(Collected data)
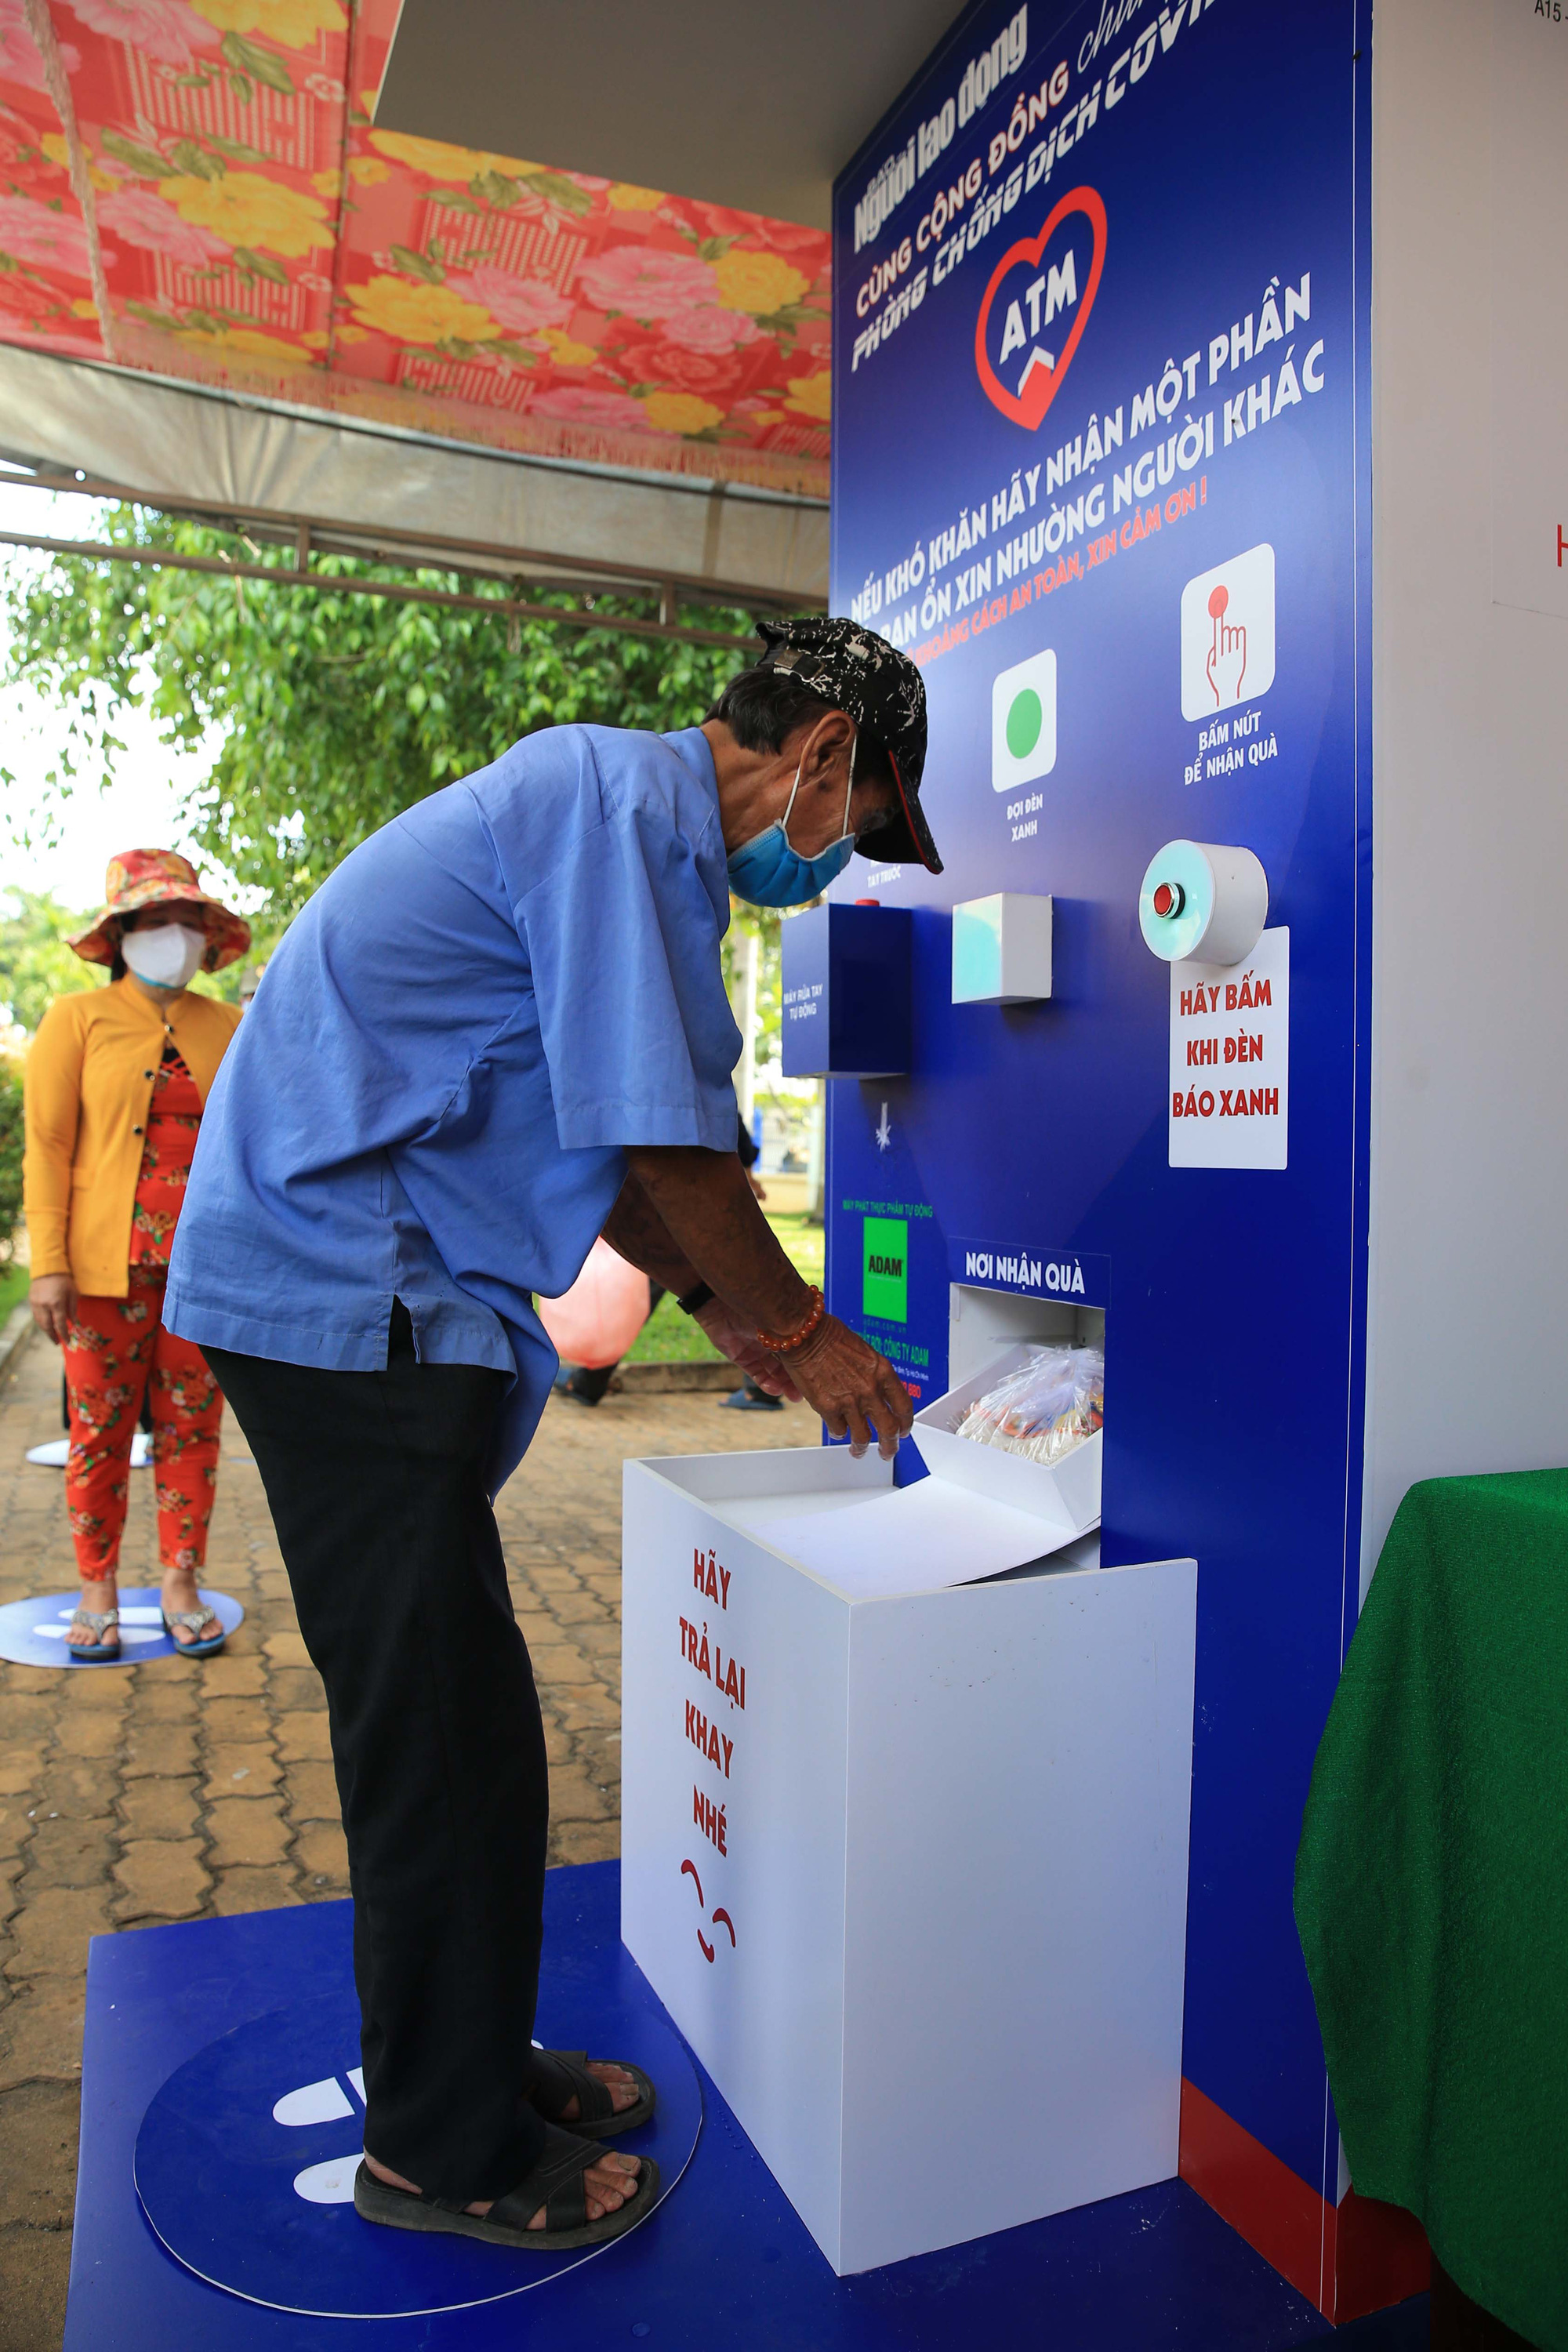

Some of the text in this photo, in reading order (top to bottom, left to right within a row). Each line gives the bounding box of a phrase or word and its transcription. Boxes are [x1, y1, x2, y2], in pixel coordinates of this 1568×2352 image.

[918, 97, 955, 179] lao
[958, 3, 1028, 129] động
[856, 237, 912, 318] CÙNG
[916, 158, 982, 252] CỘNG
[987, 60, 1069, 176] ĐỒNG
[851, 266, 928, 373] PHÒNG
[932, 162, 1025, 287] CHỐNG
[1025, 78, 1102, 194] DỊCH
[1000, 249, 1077, 365] ATM
[851, 271, 1310, 624] NẾU KHÓ KHĂN HÃY NHẬN MỘT PHẦN
[920, 576, 951, 631] ỔN
[954, 555, 992, 612] XIN
[996, 483, 1105, 586] NHƯỜNG
[1112, 411, 1214, 515] NGƯỜI
[1223, 338, 1325, 448] KHÁC
[971, 594, 1007, 636] CÁCH
[1009, 580, 1032, 615] AN
[1033, 551, 1084, 600] TOÀN,
[1087, 529, 1117, 571] XIN
[1120, 503, 1161, 549] CẢM
[1184, 732, 1278, 786] ĐỂ NHẬN QUÀ
[1199, 709, 1261, 752] BẤM NÚT
[1011, 819, 1038, 842] XANH
[1025, 792, 1044, 814] ĐÈN
[1180, 970, 1272, 1016] HÃY BẤM
[1187, 1028, 1263, 1066] KHI ĐÈN
[1172, 1084, 1278, 1117] BÁO XANH
[869, 1255, 902, 1277] ADAM
[966, 1251, 1086, 1294] NƠI NHẬN QUÀ
[694, 1548, 731, 1611] HÃY
[679, 1615, 746, 1711] TRẢ LẠI
[685, 1698, 734, 1780] KHAY
[693, 1784, 727, 1859] NHÉ
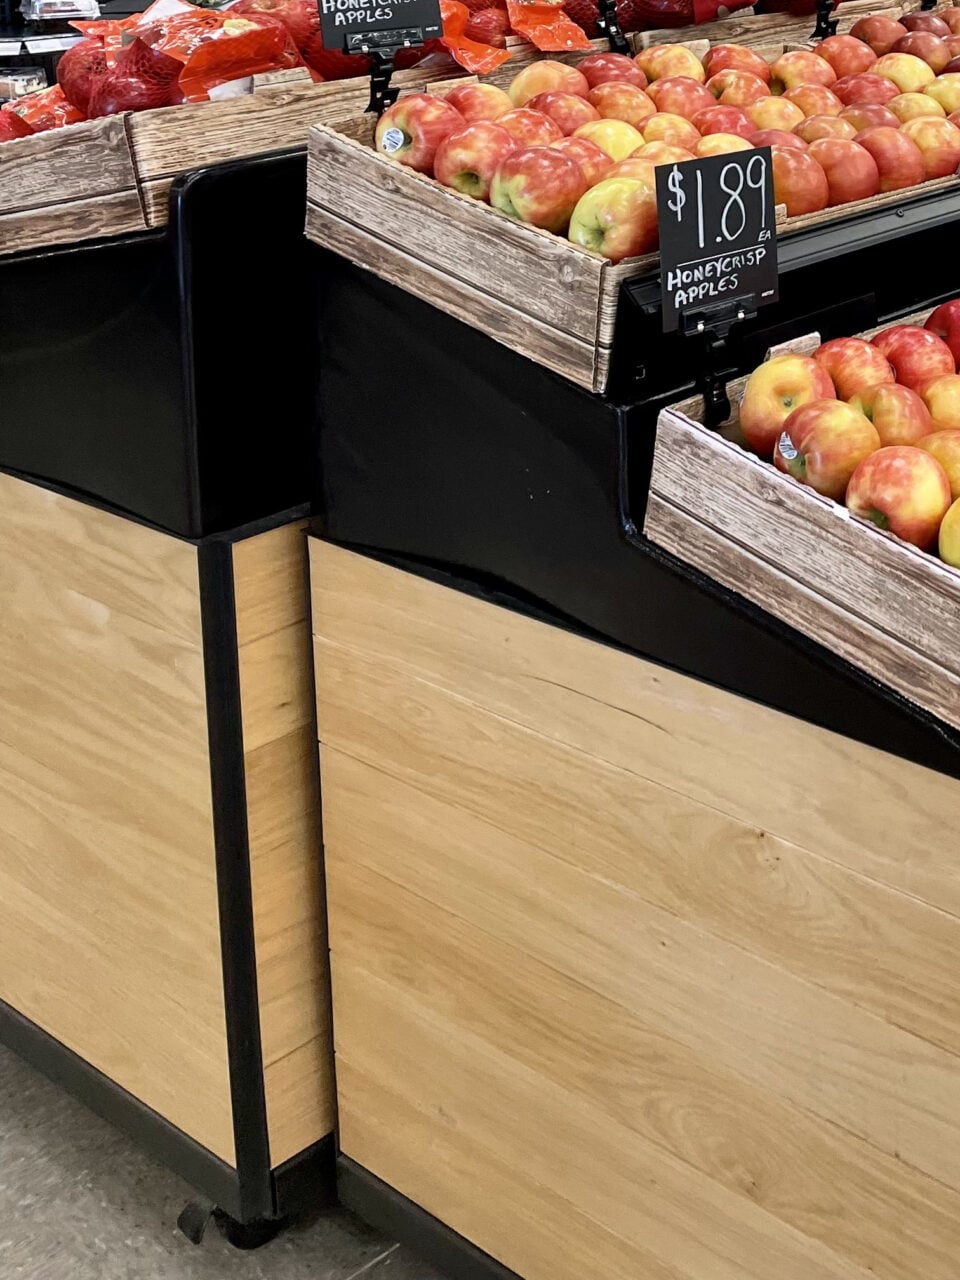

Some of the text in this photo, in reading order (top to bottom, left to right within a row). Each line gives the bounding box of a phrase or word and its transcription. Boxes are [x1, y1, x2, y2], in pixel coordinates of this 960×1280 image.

[334, 7, 393, 26] APPLES
[667, 155, 771, 248] $1.89 EA
[667, 248, 767, 291] HONEYCRISP
[674, 273, 738, 308] APPLES
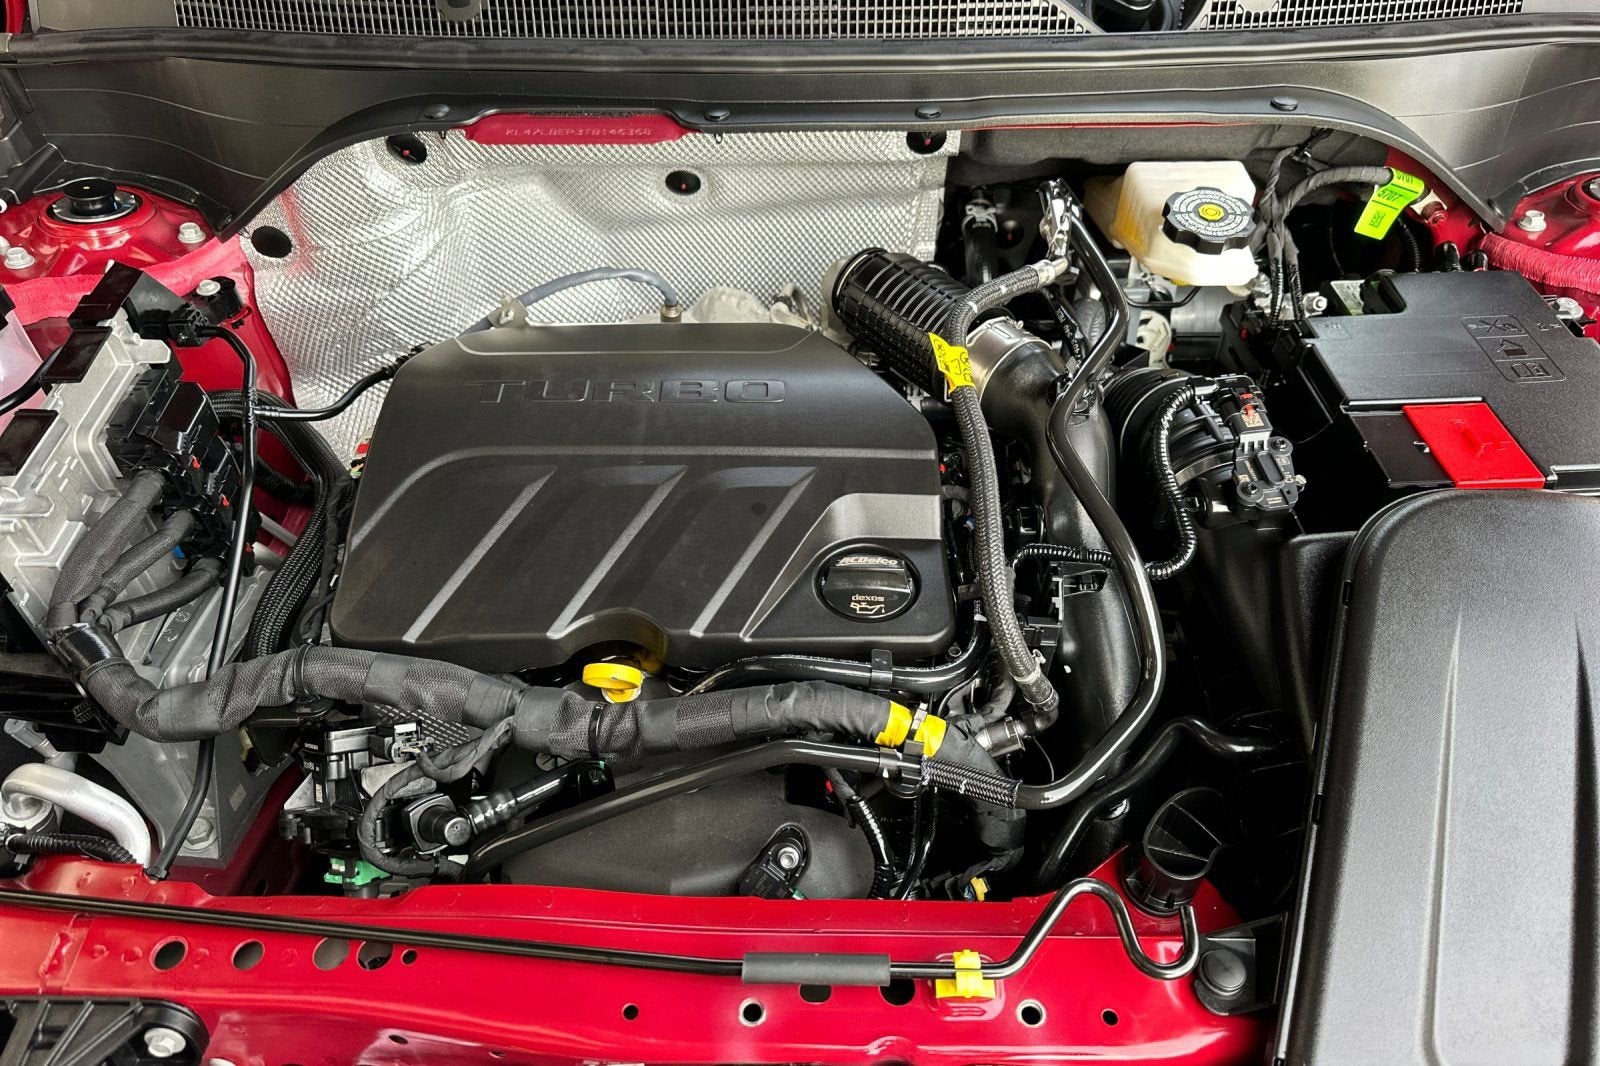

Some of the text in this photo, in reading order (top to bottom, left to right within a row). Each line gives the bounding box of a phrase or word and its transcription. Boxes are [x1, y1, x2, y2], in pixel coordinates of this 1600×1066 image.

[1377, 188, 1402, 202] 5707
[464, 379, 786, 404] TURBO
[836, 556, 898, 566] ACDelco
[851, 593, 886, 602] dexos
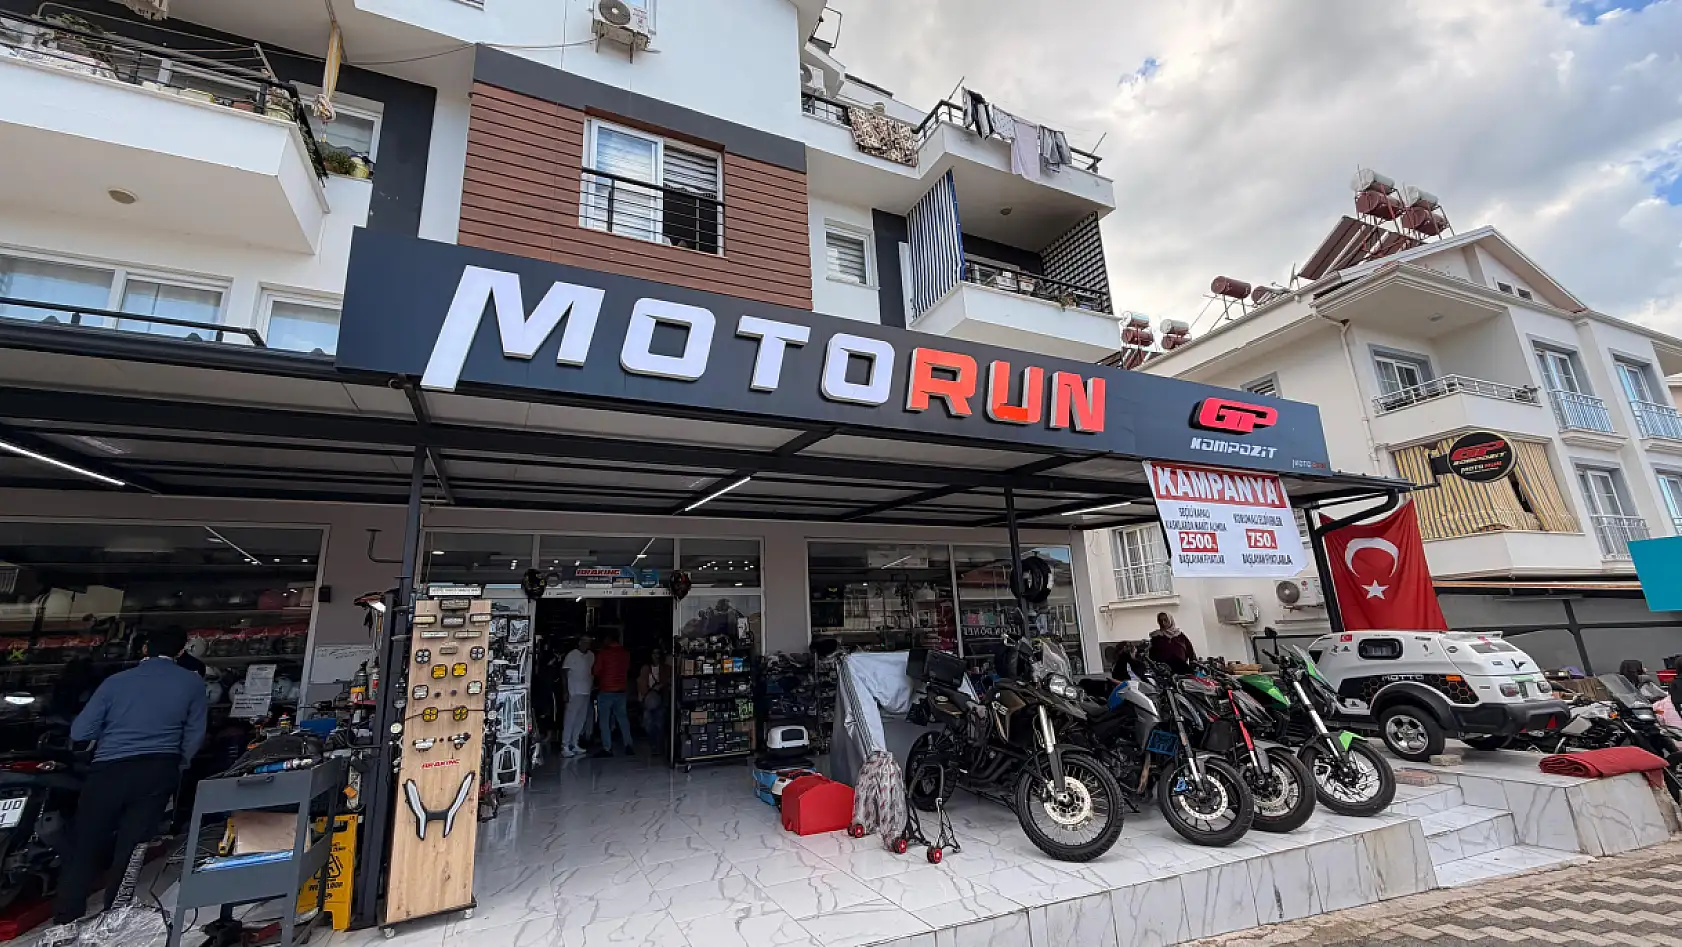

[Task prompt]:
The output has to match the data above line for line, except that pictures are dropped.

[Output of the task]:
Some of the text in this photo, in reading order (top to bottom, left to right within a row). Each line gives the bounding box of a phrase or word and its transcription. Boxes are [x1, y1, x2, y2], in pixel coordinates of this 1568×2352 image.

[918, 97, 955, 179] lao
[958, 3, 1028, 129] động
[856, 237, 912, 318] CÙNG
[916, 158, 982, 252] CỘNG
[987, 60, 1069, 176] ĐỒNG
[851, 266, 928, 373] PHÒNG
[932, 162, 1025, 287] CHỐNG
[1025, 78, 1102, 194] DỊCH
[1000, 249, 1077, 365] ATM
[851, 271, 1310, 624] NẾU KHÓ KHĂN HÃY NHẬN MỘT PHẦN
[920, 576, 951, 631] ỔN
[954, 555, 992, 612] XIN
[996, 483, 1105, 586] NHƯỜNG
[1112, 411, 1214, 515] NGƯỜI
[1223, 338, 1325, 448] KHÁC
[971, 594, 1007, 636] CÁCH
[1009, 580, 1032, 615] AN
[1033, 551, 1084, 600] TOÀN,
[1087, 529, 1117, 571] XIN
[1120, 503, 1161, 549] CẢM
[1184, 732, 1278, 786] ĐỂ NHẬN QUÀ
[1199, 709, 1261, 752] BẤM NÚT
[1011, 819, 1038, 842] XANH
[1025, 792, 1044, 814] ĐÈN
[1180, 970, 1272, 1016] HÃY BẤM
[1187, 1028, 1263, 1066] KHI ĐÈN
[1172, 1084, 1278, 1117] BÁO XANH
[869, 1255, 902, 1277] ADAM
[966, 1251, 1086, 1294] NƠI NHẬN QUÀ
[694, 1548, 731, 1611] HÃY
[679, 1615, 746, 1711] TRẢ LẠI
[685, 1698, 734, 1780] KHAY
[693, 1784, 727, 1859] NHÉ

Some of the text in this photo, in reading order (top to bottom, left to right within a row). Each line gives the bounding box of a phrase or word and its transcription. Boxes are [x1, y1, x2, y2], in pixel coordinates of this 960×1280 image.

[334, 7, 393, 26] APPLES
[667, 155, 771, 248] $1.89 EA
[667, 248, 767, 291] HONEYCRISP
[674, 273, 738, 308] APPLES

Some of the text in this photo, in reading order (top to bottom, left to right within a row). Each line gives the bounding box of a phrase or word and its transcription. Boxes are [x1, y1, x2, y2], in pixel coordinates of this 1600×1066 image.

[1377, 188, 1402, 202] 5707
[464, 379, 786, 404] TURBO
[836, 556, 898, 566] ACDelco
[851, 593, 886, 602] dexos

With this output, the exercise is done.